Come possiamo sostenere questa splendida iniziativa?
C'è la possibilità di acquistare il pistacchio solidale?
Cordiali saluti.
Massimo.
Riceviamo da Nunzio Meli, e pubblichiamo, una precisazione che egli ritiene necessaria affinchè alcune affermazioni dell'articolo non paiano ingenerose nei confronti di persone che hanno cercato di fare del loro meglio per fare sentire accolti i migranti.
"A proposito di quanto scritto nell'articolo, vorrei precisare che gli operai di Maniace, compagni di lavoro dei migranti, hanno da subito assunto nei loro confronti un atteggiamento paterno e affettuoso.
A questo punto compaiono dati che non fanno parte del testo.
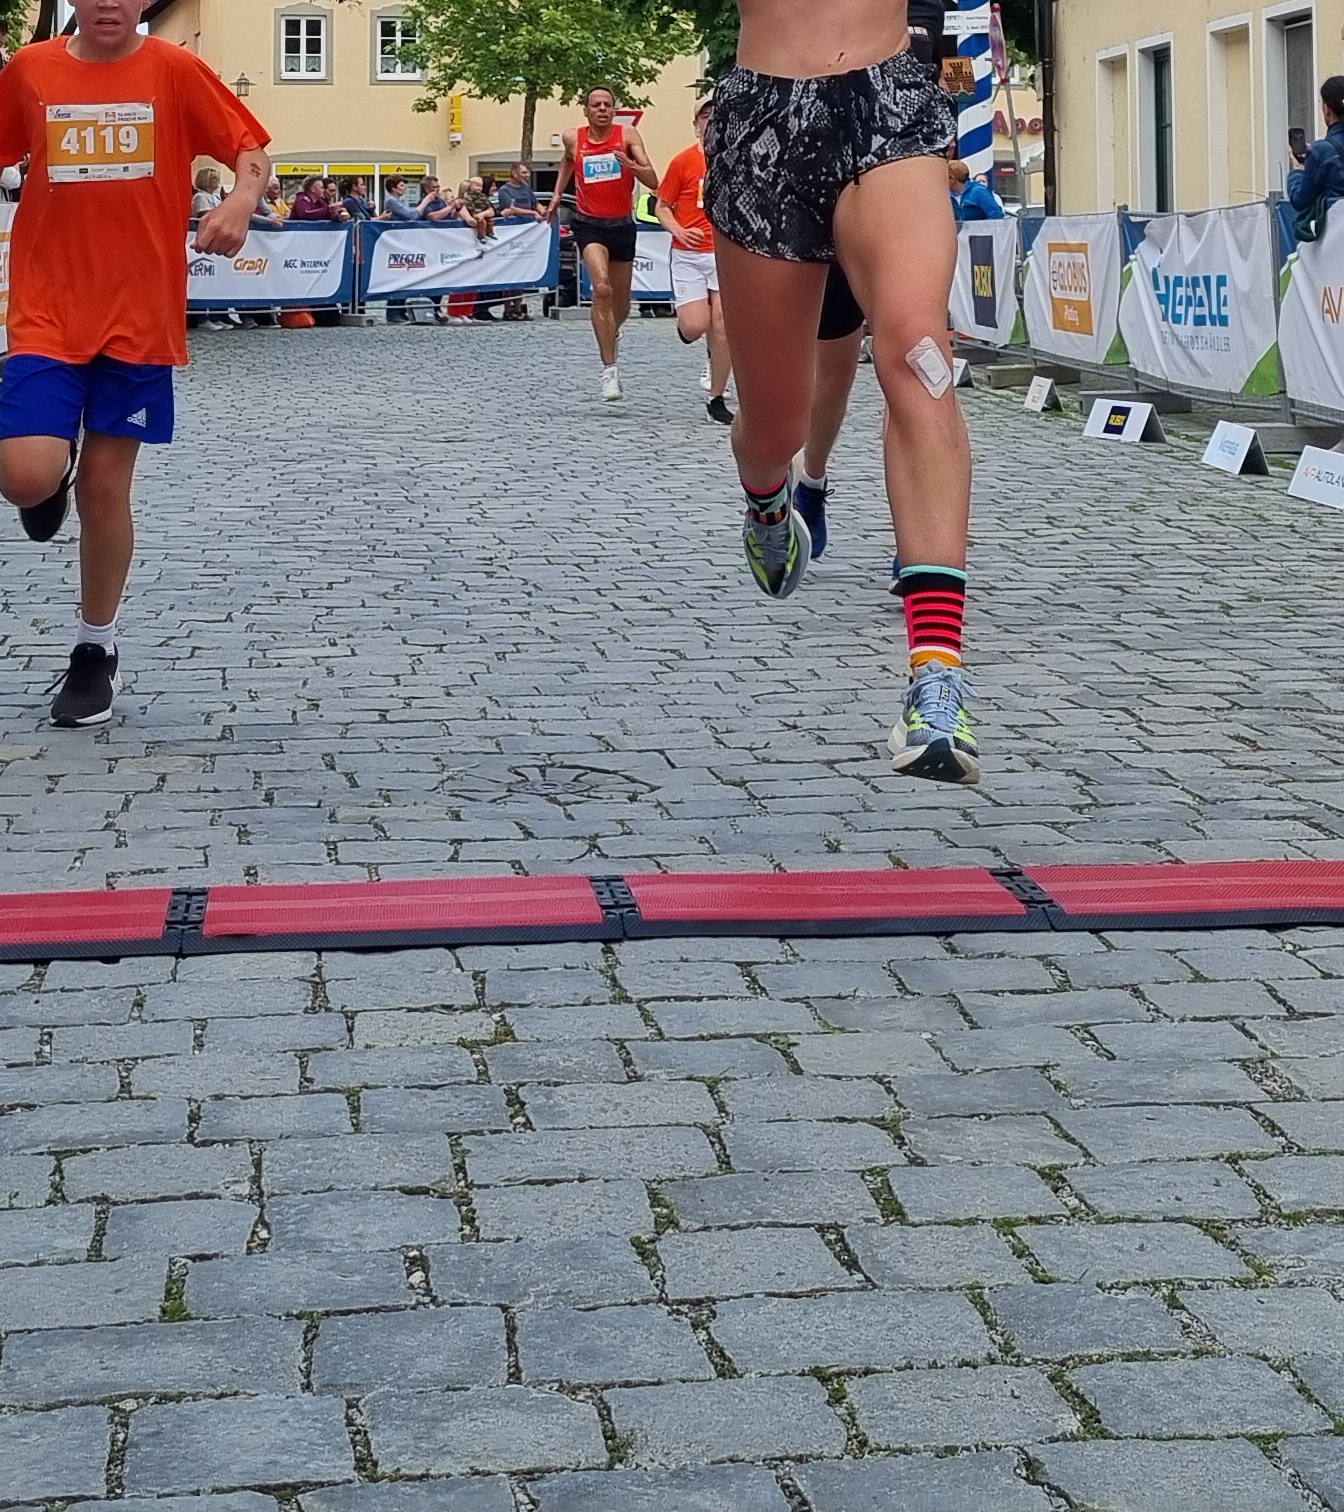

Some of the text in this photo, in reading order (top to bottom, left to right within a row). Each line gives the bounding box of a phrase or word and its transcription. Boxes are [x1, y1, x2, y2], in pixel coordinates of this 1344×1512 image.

Non va banalizzato il gesto di offrire loro il cibo che gli stessi maniacioti producono. Il così detto caposquadra di Maniace veniva chiamato addirittura zio, e lui ricambiava trattando gli africani come dei nipoti. Lo zio gli portava la frutta di sua produzione, che per un contadino non rappresenta solo un po’ di cibo, ma è il frutto del proprio lavoro che quando si regala assume un significato den diverso da quello alimentare. Lo zio gli portava le camicie con le maniche lunghe utili a proteggersi dal e dalla resina degli alberi.
La frase “Sono venuti a levarci il lavoro” era solo il frutto di iniziale diffidenza subito dissipata.